# Weekend Getaways - Recommended hotels



## Dannysigma (Feb 22, 2009)

Can anyone recommend any good, but not too expensive (ie less than 500AED a night) hotels within driving distance of Dubai for a weekend getaway? Beach would be a bonus but not a necessity.

Would like to take Mrs. Sigma away for the weekend :eyebrows:

I have found a few online (Golden Tulip Dibba being foremost) but would like people's personal experiences as the quality seems to be very much hit and miss when you dip below 5 stars in this country.

Many thanks in advance.


----------



## Andy Capp (Oct 5, 2008)

How about the Gloden Tulip in Khasab in Oman, just follow the road through RAK border, go around all the fjords and it's on the left - around 2 hours or so from Dubai, but another world. Highly recommended, then you can go dolphin swimming etc.

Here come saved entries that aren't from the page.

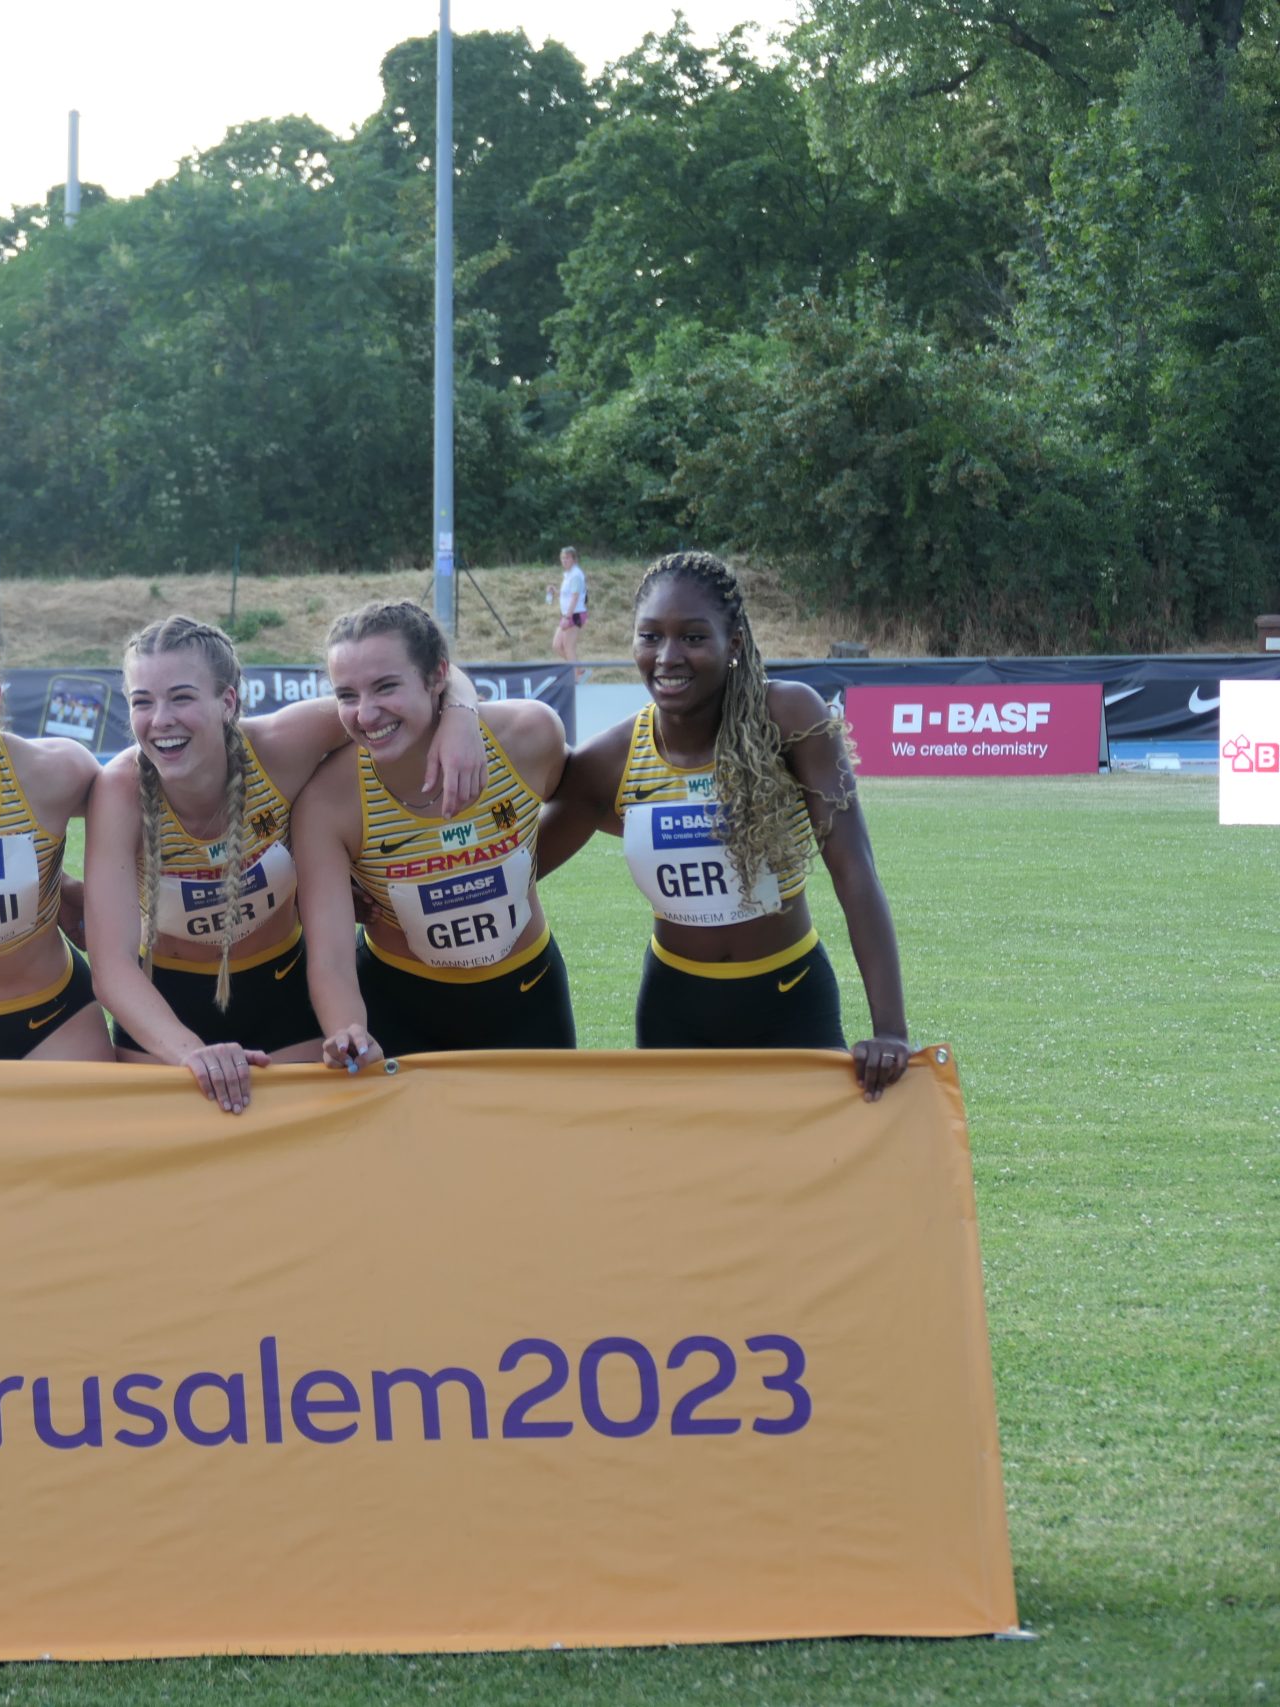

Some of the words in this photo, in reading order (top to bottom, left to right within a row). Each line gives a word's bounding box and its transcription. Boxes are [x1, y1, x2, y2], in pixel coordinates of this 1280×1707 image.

[948, 703, 1050, 733] BASF
[892, 743, 917, 756] We
[920, 743, 968, 756] create
[972, 742, 1048, 759] chemistry
[673, 832, 693, 840] create
[386, 830, 521, 879] GERMANY
[452, 876, 495, 896] BASF
[656, 861, 728, 898] GER
[465, 888, 497, 901] chemistry
[186, 902, 256, 936] GER
[267, 892, 275, 910] I
[664, 911, 724, 923] MANNHEIM
[427, 912, 499, 950] GER
[507, 904, 517, 930] I
[430, 954, 496, 968] MANNHEIM

Failing that Sandy Beach on west coast near Fujeriah is a bit basic but good fun too.

The GT in Dibba only sells cans of beer, no draught fyi, and the wine is shocking!


----------



## Maz25 (Jul 6, 2008)

I'm not a fan of Sandy Beach but snorkelling off Snoopy Island sits at the top of my list. I would recommend JAL, especially if you like your creature comforts (which is approx 5 mins drive up the road from Sandy Beach). You can still go snorkelling at Snoopy Island but I believe you need to pay AED100 per person to access the beach in front of Sandy Beach, though if you are strong swimmer you can drive to the public beach and then swim from there


----------



## Mr Rossi (May 16, 2009)

Sandy Beach "hotel" is like a Butlins in the 70's. In fact everthing was so detailed to the 70's, we thought it was an ironic themed hotel. Avoid the hotel at all costs.

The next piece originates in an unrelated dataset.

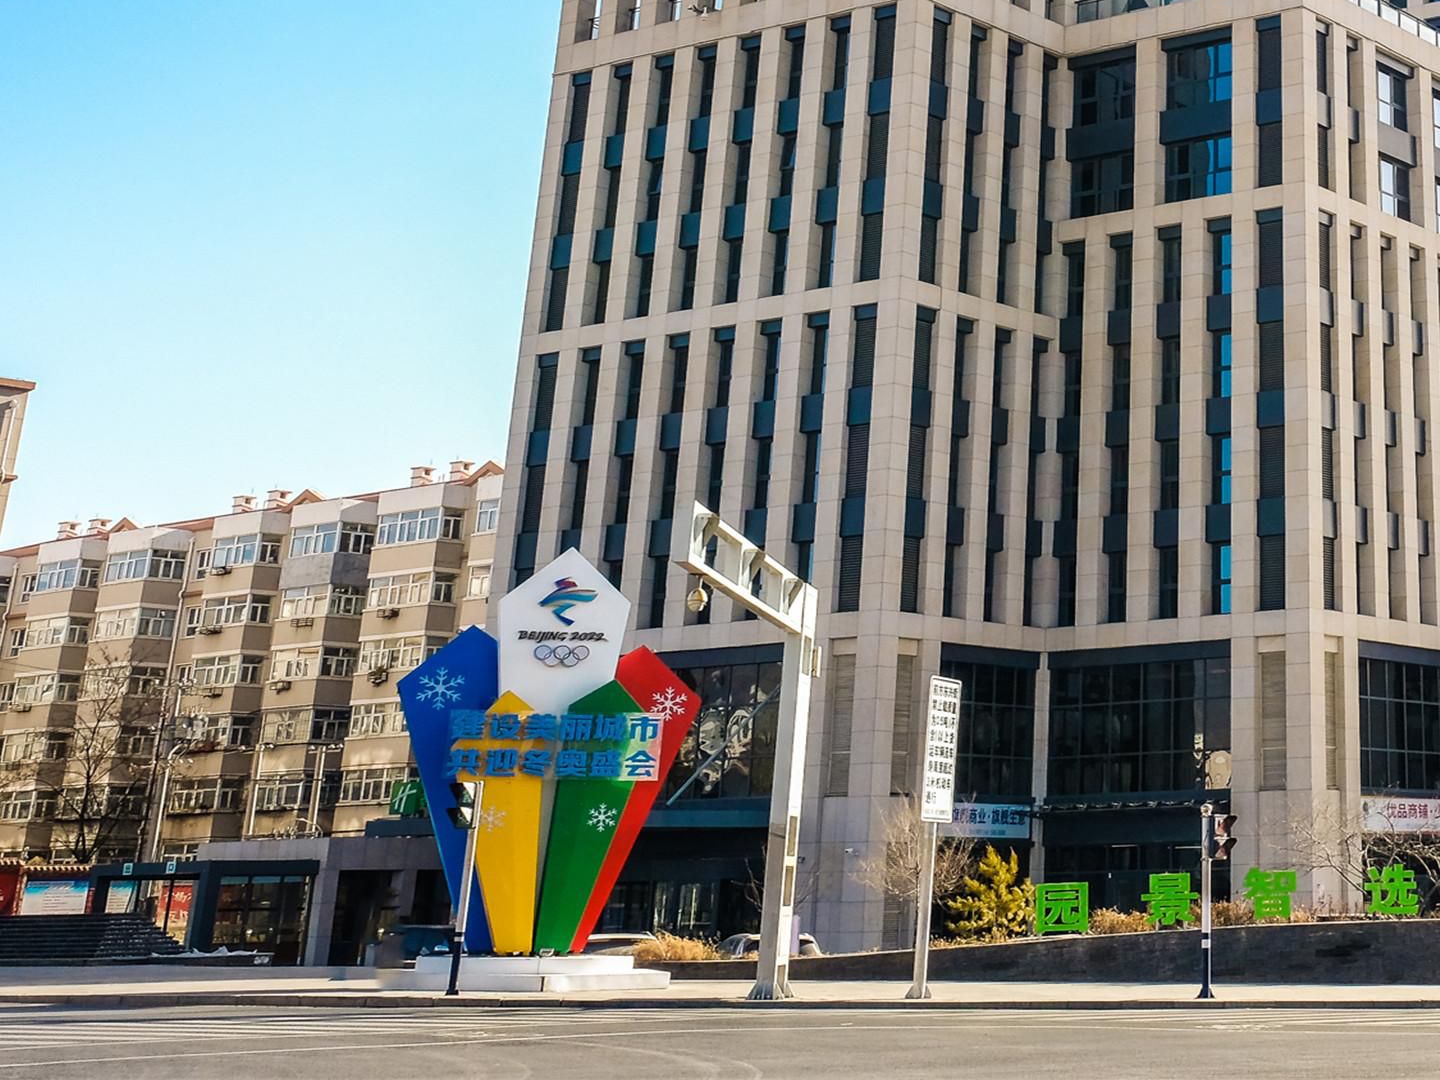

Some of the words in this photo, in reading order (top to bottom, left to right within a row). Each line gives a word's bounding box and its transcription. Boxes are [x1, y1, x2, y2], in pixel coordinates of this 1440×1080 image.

[517, 630, 568, 643] BEIJING
[569, 631, 609, 643] 2022
[450, 712, 659, 742] 建设美丽城市
[447, 748, 657, 777] 共迎冬奥盛会

Stayed in the JAL, Dibba plenty times, looks a bit weird from the road but is very nice and good value for money.


----------



## Elphaba (Jan 24, 2008)

JAL in Fujeirah. Good food there too.

-


----------



## furryboots (Jul 31, 2009)

Went to the Hilton Resort and Beach resort in RAK last month. Paid just under AED600/night for the room and would recommend it for a weekend away. Also heard good reports about Cove Rotana in RAK but the standard rooms seem very small (I had enquired about a room for for me, my wife and and a ten year old daughter and was told the room would only be suitable for two adults and a child of <5 years)


----------